A zombie apocalypse is one thing. A volcanic eruption is quite another, for, as the journalist who does a framing voice-over narration for Brooks’ latest puts it, when Mount Rainier popped its cork, “it was the psychological aspect, the hyperbole-fueled hysteria that had ended up killing the most people.” Maybe, but the sasquatches whom the volcano displaced contributed to the statistics, too, if only out of self-defense.
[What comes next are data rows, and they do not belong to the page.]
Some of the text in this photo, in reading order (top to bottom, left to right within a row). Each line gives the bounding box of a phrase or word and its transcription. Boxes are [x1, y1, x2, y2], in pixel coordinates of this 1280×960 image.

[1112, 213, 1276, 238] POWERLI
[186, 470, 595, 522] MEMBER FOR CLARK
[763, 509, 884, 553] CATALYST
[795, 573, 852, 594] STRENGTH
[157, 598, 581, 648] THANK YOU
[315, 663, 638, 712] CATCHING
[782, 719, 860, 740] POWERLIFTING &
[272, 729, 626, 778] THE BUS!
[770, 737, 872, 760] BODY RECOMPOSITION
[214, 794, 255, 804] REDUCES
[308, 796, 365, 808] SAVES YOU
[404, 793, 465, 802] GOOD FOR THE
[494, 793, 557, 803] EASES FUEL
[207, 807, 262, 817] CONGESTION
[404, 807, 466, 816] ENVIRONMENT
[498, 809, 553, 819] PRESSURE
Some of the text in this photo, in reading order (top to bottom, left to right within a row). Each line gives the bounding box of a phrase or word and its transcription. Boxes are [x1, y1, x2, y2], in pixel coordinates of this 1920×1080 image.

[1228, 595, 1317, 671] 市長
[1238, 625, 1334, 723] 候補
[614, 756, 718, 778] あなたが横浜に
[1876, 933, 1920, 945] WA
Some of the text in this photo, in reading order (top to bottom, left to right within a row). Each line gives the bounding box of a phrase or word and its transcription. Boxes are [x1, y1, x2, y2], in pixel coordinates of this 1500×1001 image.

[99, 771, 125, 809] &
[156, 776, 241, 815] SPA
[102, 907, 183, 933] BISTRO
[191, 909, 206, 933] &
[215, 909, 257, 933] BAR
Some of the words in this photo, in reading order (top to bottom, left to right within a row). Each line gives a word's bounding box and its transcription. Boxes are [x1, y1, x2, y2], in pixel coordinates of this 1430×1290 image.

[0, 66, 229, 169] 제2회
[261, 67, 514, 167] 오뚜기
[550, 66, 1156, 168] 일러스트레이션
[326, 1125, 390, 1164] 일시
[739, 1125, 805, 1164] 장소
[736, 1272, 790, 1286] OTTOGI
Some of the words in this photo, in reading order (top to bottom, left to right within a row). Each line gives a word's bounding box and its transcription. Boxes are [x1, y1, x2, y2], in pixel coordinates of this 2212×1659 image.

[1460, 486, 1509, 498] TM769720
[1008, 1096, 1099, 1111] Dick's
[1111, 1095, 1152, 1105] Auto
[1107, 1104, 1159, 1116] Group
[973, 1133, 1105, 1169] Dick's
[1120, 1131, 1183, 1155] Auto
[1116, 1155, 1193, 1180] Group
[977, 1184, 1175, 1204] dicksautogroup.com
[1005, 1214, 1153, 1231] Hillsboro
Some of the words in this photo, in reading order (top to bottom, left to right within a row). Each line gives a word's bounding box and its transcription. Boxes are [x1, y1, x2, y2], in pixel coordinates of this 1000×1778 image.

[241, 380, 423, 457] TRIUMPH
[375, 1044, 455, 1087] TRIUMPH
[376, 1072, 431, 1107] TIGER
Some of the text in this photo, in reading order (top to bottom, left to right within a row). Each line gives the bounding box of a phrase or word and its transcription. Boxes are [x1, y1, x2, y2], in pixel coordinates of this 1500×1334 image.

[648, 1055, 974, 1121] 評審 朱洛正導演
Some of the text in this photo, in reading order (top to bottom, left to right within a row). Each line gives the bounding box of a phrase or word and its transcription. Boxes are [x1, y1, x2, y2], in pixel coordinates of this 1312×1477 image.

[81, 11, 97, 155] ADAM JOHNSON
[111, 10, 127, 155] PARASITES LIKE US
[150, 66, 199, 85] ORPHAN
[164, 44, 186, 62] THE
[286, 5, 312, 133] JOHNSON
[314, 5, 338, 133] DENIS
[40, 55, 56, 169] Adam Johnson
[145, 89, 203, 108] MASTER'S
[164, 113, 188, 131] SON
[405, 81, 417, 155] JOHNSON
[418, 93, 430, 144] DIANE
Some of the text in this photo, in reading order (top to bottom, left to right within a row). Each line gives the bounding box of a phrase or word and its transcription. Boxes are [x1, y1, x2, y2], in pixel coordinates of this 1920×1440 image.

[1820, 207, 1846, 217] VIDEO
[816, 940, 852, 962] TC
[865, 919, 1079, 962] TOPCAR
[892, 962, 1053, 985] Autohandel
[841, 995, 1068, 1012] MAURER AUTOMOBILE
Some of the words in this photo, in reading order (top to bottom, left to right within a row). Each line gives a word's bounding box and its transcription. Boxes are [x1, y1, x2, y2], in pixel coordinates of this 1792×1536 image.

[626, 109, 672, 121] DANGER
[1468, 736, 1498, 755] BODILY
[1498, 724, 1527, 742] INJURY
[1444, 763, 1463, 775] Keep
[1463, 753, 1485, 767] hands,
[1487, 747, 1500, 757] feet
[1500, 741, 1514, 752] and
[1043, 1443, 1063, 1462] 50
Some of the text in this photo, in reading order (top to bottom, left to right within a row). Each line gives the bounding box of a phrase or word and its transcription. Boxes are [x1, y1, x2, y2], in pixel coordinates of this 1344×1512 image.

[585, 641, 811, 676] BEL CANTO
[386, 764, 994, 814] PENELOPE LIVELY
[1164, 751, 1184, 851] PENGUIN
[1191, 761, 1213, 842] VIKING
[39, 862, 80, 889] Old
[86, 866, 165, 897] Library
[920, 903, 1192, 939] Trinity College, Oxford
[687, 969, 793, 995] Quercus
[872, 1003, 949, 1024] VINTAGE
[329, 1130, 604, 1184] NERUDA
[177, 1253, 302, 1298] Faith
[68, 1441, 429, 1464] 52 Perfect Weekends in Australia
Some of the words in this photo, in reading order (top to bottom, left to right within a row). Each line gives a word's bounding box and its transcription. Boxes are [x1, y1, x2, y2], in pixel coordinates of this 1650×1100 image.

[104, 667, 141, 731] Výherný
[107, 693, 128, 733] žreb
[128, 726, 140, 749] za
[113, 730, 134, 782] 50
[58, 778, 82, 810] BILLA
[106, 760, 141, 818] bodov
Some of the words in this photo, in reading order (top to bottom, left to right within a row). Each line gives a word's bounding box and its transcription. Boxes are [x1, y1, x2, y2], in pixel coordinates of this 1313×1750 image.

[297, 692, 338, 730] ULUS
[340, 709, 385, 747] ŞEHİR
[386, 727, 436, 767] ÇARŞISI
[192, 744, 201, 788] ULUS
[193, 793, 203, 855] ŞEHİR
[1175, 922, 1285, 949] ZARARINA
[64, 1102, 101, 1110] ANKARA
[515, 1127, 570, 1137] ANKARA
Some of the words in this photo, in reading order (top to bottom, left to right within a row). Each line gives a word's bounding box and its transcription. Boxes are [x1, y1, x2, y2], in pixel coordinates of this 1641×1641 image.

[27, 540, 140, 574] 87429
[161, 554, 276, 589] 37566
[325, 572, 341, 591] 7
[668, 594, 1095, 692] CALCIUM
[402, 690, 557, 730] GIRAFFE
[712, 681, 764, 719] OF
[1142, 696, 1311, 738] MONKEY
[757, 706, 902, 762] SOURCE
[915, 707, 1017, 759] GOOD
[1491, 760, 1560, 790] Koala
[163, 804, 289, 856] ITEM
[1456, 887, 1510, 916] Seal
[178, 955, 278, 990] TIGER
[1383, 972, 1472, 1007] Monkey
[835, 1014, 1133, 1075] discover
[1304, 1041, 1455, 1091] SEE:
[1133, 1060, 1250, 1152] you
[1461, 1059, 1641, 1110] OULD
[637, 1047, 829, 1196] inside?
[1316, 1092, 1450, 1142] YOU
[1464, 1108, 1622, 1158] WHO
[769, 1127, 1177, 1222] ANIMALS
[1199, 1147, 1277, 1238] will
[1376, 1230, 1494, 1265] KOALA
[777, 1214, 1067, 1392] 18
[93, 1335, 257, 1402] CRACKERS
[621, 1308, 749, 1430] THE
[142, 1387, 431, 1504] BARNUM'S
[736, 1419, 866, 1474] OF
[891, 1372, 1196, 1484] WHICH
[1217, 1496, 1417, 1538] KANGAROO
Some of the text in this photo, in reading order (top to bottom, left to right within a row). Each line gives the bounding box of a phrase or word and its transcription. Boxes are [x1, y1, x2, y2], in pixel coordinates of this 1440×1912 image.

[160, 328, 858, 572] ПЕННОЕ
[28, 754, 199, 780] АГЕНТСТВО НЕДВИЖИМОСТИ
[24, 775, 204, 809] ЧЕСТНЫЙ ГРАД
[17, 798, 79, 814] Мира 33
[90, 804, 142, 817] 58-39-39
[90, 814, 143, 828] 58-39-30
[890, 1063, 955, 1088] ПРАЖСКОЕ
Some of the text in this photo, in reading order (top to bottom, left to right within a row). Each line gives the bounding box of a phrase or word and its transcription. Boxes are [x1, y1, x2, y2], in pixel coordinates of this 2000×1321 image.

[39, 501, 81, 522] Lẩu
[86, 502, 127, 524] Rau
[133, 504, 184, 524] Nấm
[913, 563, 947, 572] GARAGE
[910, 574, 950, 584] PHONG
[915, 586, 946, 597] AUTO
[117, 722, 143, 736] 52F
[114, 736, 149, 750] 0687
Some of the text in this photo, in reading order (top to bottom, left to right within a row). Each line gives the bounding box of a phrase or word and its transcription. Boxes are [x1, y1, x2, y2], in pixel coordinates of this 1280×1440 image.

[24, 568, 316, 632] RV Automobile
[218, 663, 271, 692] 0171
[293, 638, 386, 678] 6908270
Brooks places the epicenter of the Bigfoot war in a high-tech hideaway populated by the kind of people you might find in a Jurassic Park franchise: the schmo who doesn’t know how to do much of anything but tries anyway, the well-intentioned bleeding heart, the know-it-all intellectual who turns out to know the wrong things, the immigrant with a tough backstory and an instinct for survival. Indeed, the novel does double duty as a survival manual, packed full of good advice—for instance, try not to get wounded, for “injury turns you from a giver to a taker. Taking up our resources, our time to care for you.” Brooks presents a case for making room for Bigfoot in the world while peppering his narrative with timely social criticism about bad behavior on the human side of the conflict: The explosion of Rainier might have been better forecast had the president not slashed the budget of the U.S. Geological Survey, leading to “immediate suspension of the National Volcano Early Warning System,” and there’s always someone around looking to monetize the natural disaster and the sasquatch-y onslaught that follows. Brooks is a pro at building suspense even if it plays out in some rather spectacularly yucky episodes, one involving a short spear that takes its name from “the sucking sound of pulling it out of the dead man’s heart and lungs.” Grossness aside, it puts you right there on the scene.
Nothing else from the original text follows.